Given data:
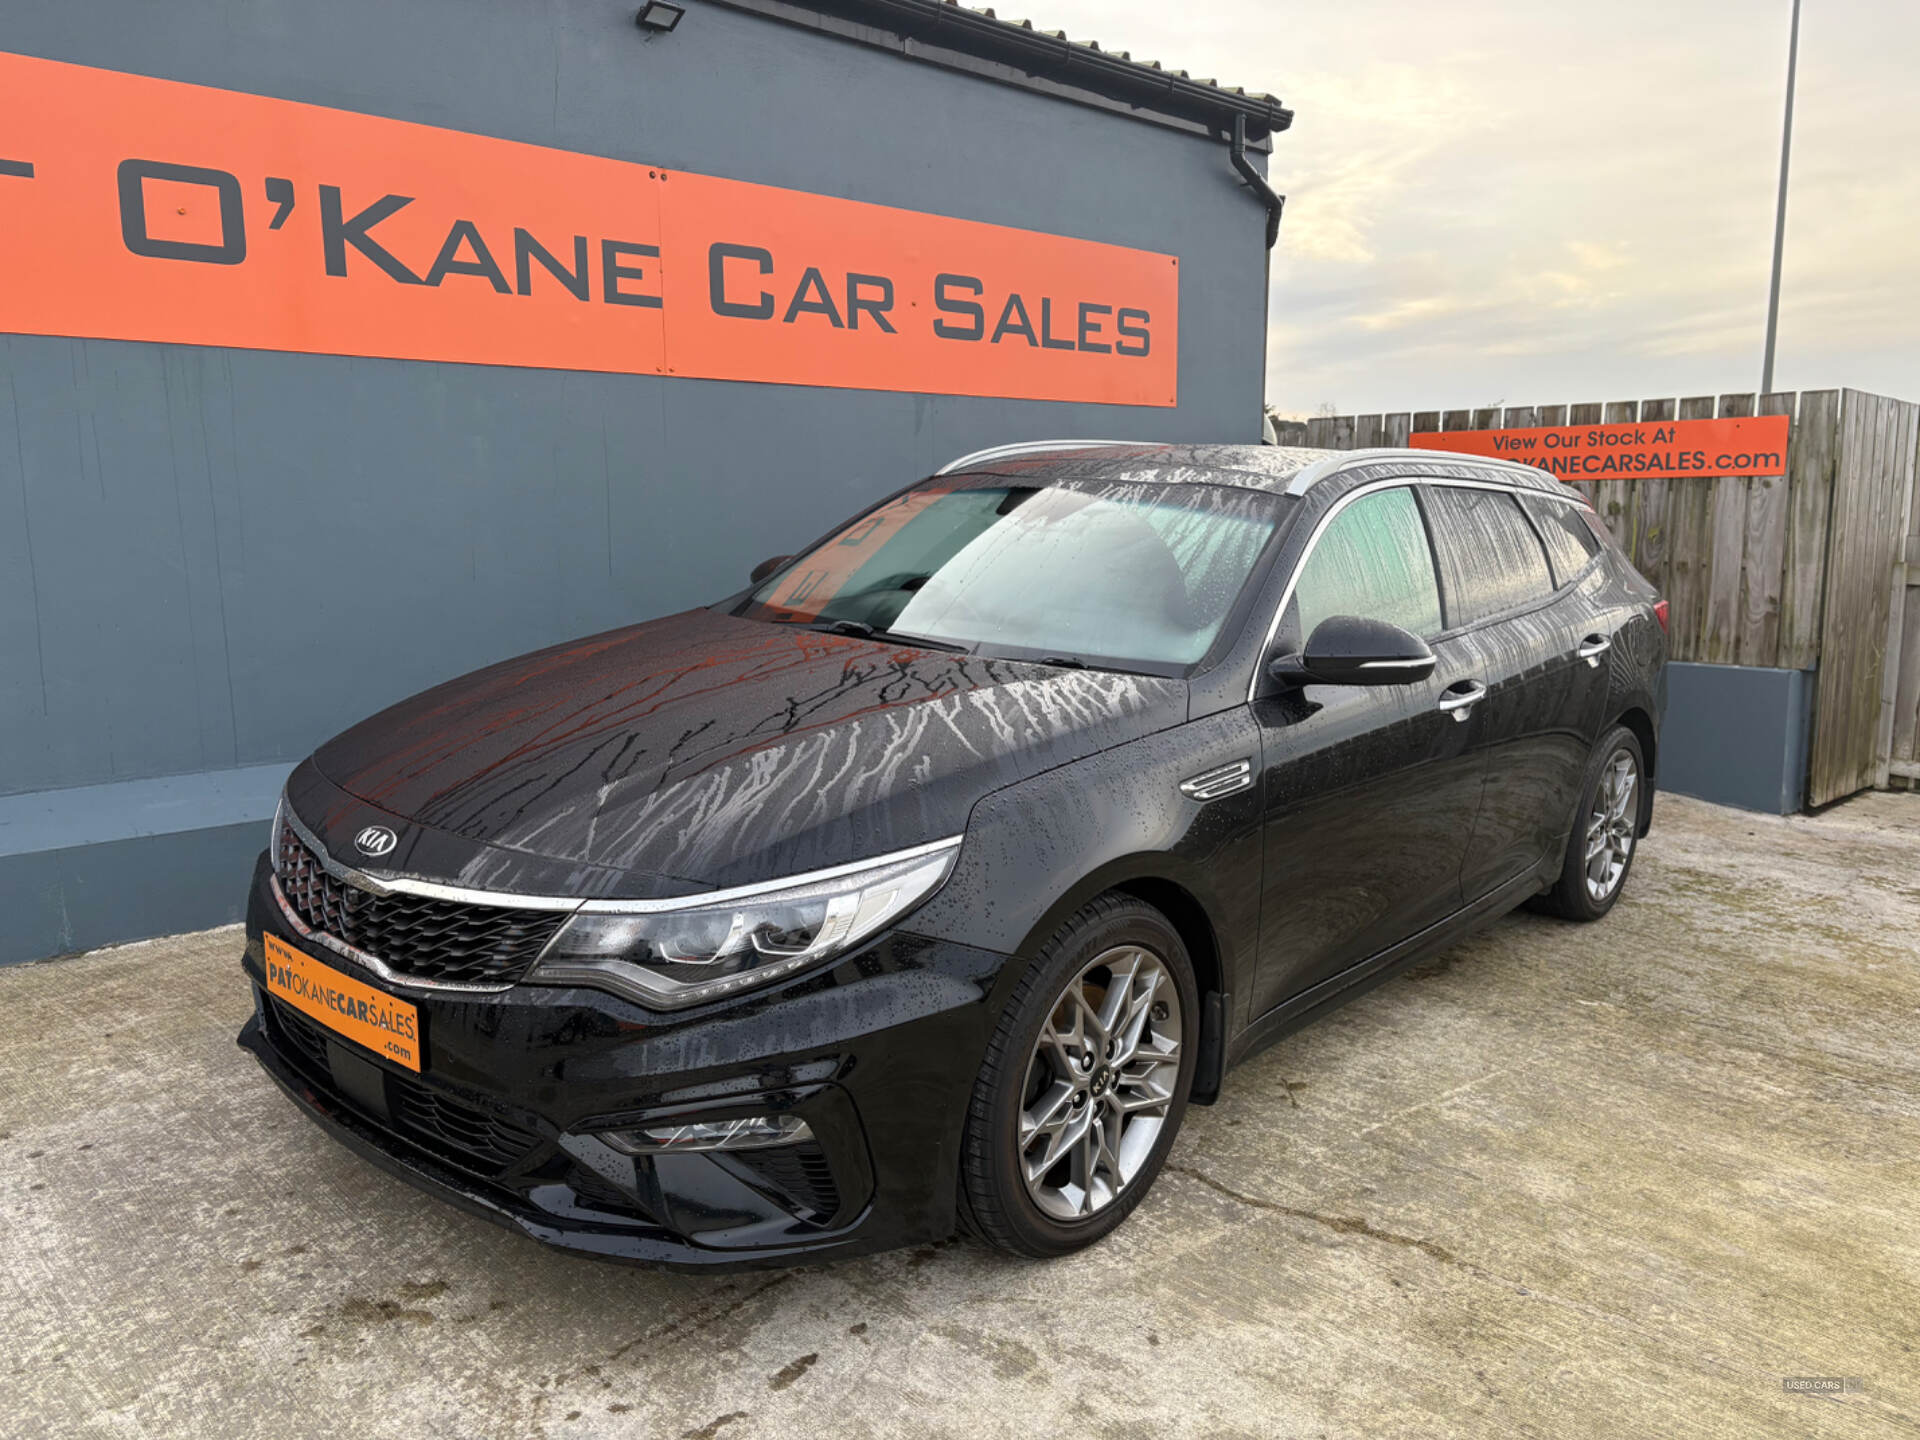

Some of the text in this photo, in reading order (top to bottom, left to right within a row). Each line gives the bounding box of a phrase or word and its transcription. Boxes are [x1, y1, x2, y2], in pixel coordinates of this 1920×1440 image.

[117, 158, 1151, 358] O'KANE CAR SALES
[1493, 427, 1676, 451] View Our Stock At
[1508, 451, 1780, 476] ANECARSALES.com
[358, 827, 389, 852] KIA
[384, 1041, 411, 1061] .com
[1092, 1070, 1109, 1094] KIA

---

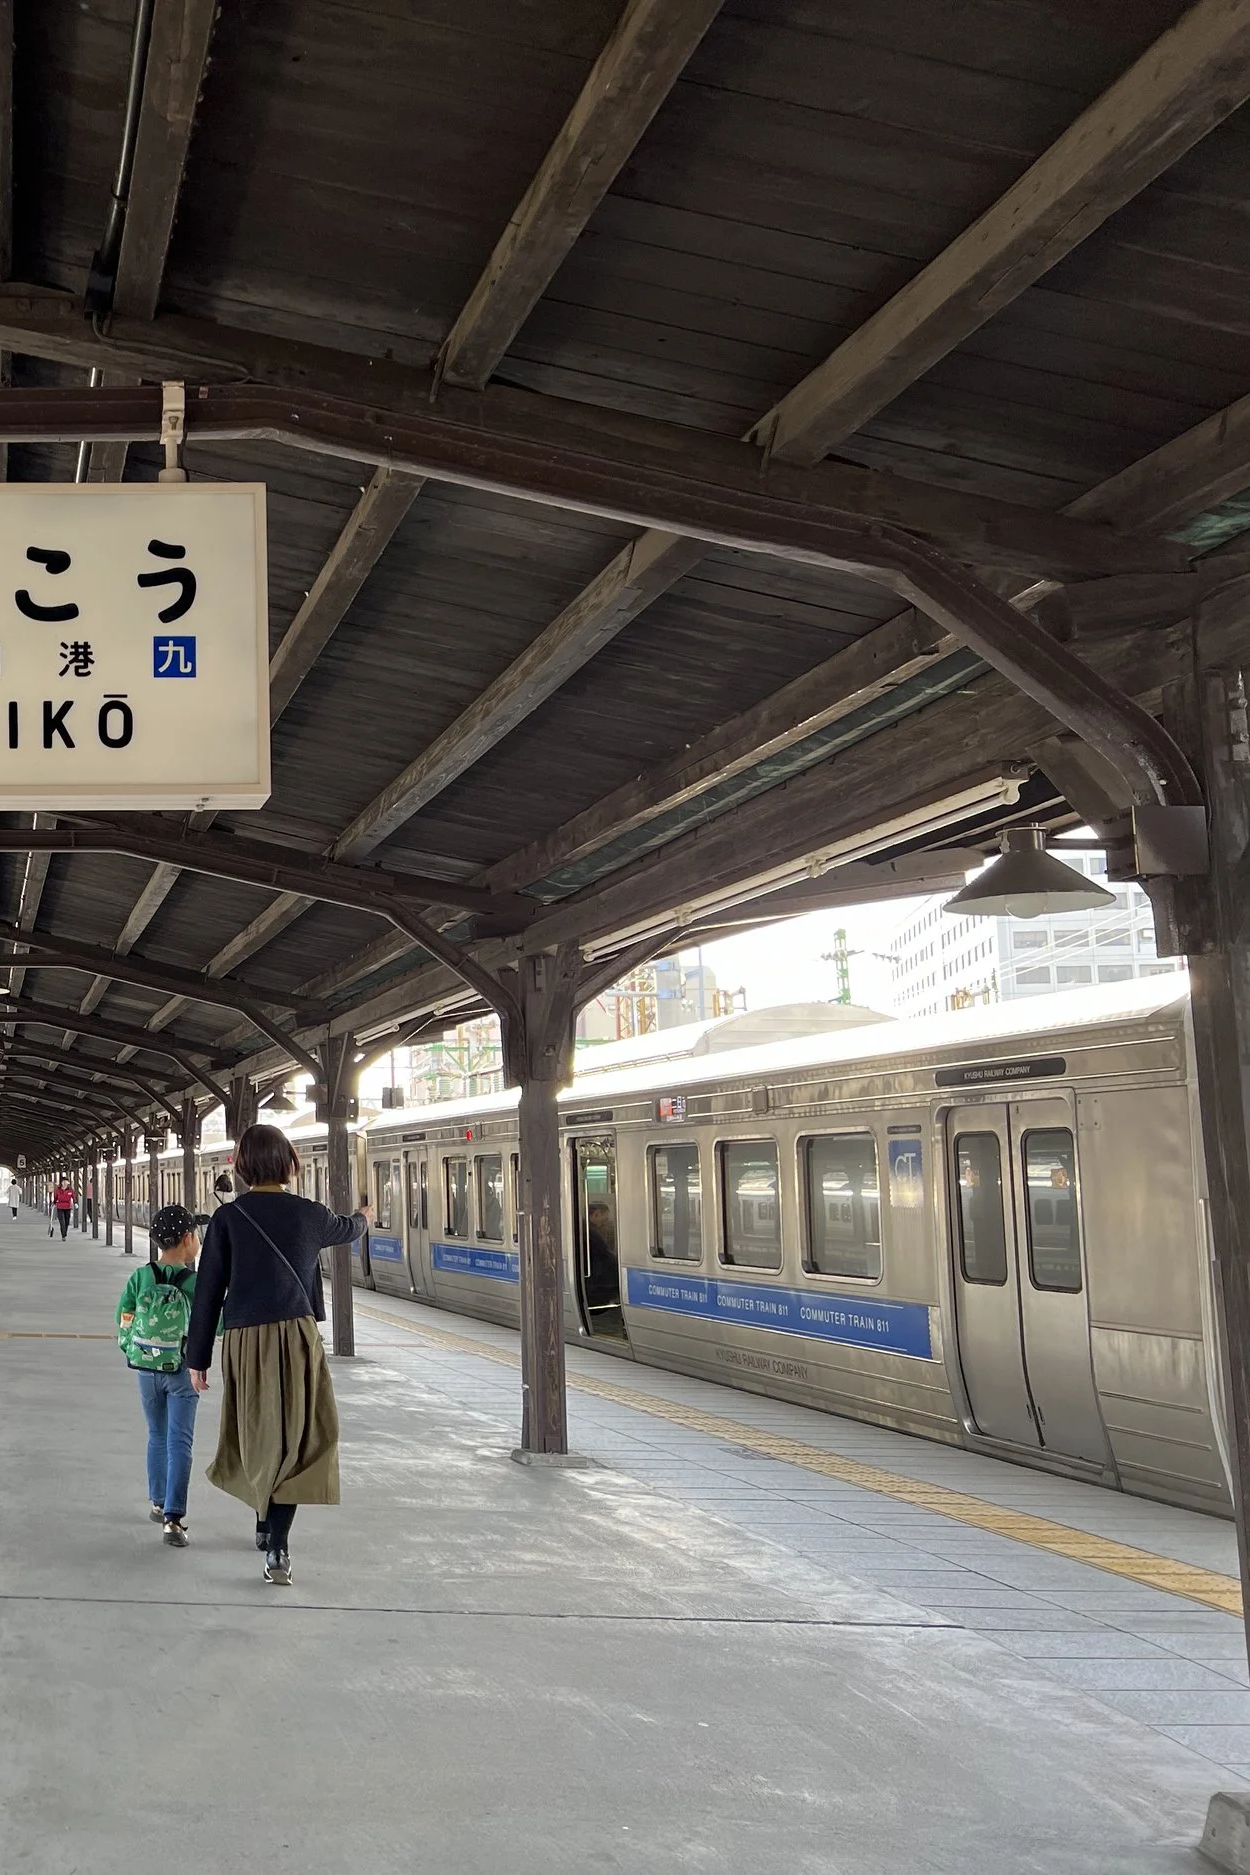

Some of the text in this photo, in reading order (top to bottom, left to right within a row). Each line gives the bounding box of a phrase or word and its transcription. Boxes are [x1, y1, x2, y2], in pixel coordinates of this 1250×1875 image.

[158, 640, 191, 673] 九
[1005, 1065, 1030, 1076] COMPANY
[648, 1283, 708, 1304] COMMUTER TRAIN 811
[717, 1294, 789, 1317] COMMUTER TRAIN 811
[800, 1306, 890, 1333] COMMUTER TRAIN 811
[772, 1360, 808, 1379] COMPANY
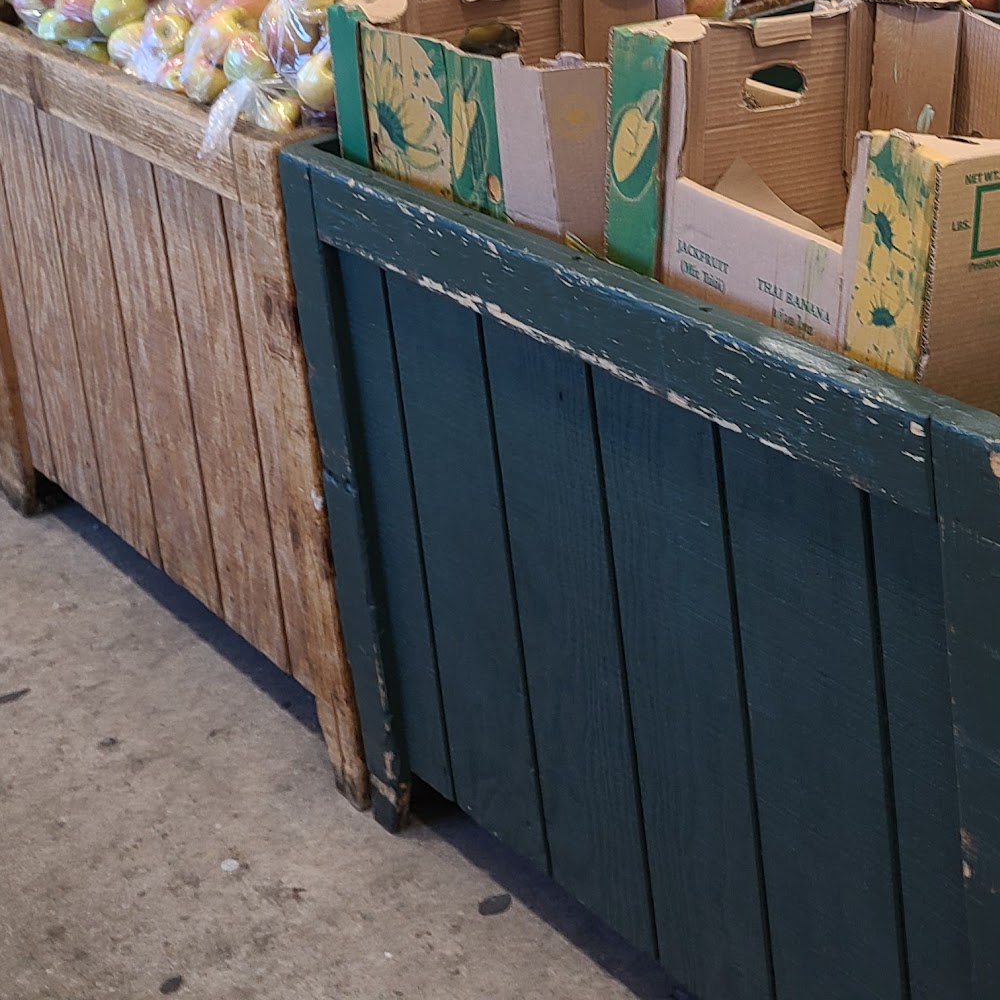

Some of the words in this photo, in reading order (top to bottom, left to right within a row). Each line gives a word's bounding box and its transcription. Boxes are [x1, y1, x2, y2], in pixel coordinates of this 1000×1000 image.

...

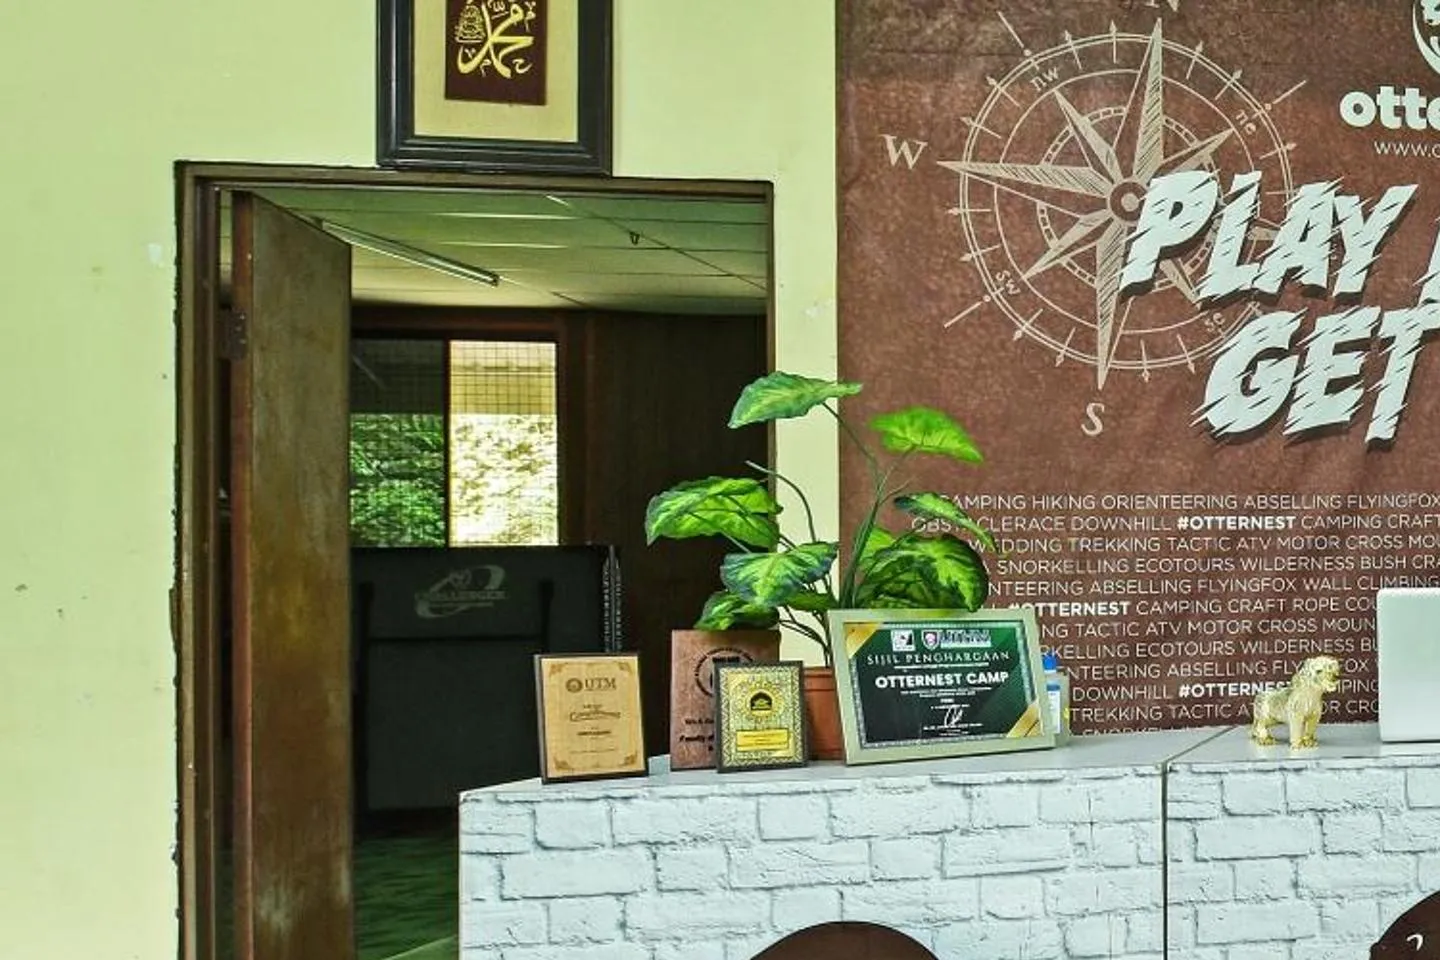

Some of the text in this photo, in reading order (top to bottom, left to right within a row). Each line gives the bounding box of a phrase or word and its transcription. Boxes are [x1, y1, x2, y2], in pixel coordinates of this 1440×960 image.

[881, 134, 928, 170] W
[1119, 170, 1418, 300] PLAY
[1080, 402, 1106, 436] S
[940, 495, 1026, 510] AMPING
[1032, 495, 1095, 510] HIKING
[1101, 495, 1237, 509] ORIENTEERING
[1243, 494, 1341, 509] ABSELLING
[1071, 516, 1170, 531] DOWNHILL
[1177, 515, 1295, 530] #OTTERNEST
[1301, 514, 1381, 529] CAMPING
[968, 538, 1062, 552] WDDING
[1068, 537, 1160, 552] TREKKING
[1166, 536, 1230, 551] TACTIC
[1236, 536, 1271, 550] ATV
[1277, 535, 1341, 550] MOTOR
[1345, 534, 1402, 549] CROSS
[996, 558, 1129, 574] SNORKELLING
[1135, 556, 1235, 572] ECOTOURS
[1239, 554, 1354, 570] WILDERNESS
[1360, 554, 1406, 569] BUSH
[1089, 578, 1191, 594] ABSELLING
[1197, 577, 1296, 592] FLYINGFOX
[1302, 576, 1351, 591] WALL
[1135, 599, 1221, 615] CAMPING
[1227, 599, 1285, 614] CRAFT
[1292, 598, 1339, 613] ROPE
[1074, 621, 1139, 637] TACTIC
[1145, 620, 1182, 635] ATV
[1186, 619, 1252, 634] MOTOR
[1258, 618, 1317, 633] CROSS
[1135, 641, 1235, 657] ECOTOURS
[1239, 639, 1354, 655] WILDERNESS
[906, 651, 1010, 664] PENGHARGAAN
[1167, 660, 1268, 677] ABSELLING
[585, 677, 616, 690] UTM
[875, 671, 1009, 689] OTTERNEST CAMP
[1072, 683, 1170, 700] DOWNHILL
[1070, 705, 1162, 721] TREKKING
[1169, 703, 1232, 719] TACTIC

What to do: A word-for-word reproduction is needed of the lines above from the line containing "this 1250×1875 image." through the line containing "Some of the words", with both ends kept and no pictures.

Answer area:
Some of the text in this photo, in reading order (top to bottom, left to right within a row). Each line gives the bounding box of a phrase or word and its transcription. Boxes are [x1, y1, x2, y2], in pixel coordinates of this 1250×1875 image.

[158, 640, 191, 673] 九
[1005, 1065, 1030, 1076] COMPANY
[648, 1283, 708, 1304] COMMUTER TRAIN 811
[717, 1294, 789, 1317] COMMUTER TRAIN 811
[800, 1306, 890, 1333] COMMUTER TRAIN 811
[772, 1360, 808, 1379] COMPANY

Some of the words in this photo, in reading order (top to bottom, left to right within a row). Each line gives a word's bounding box and its transcription. Boxes are [x1, y1, x2, y2], in pixel coordinates of this 1000×1000 image.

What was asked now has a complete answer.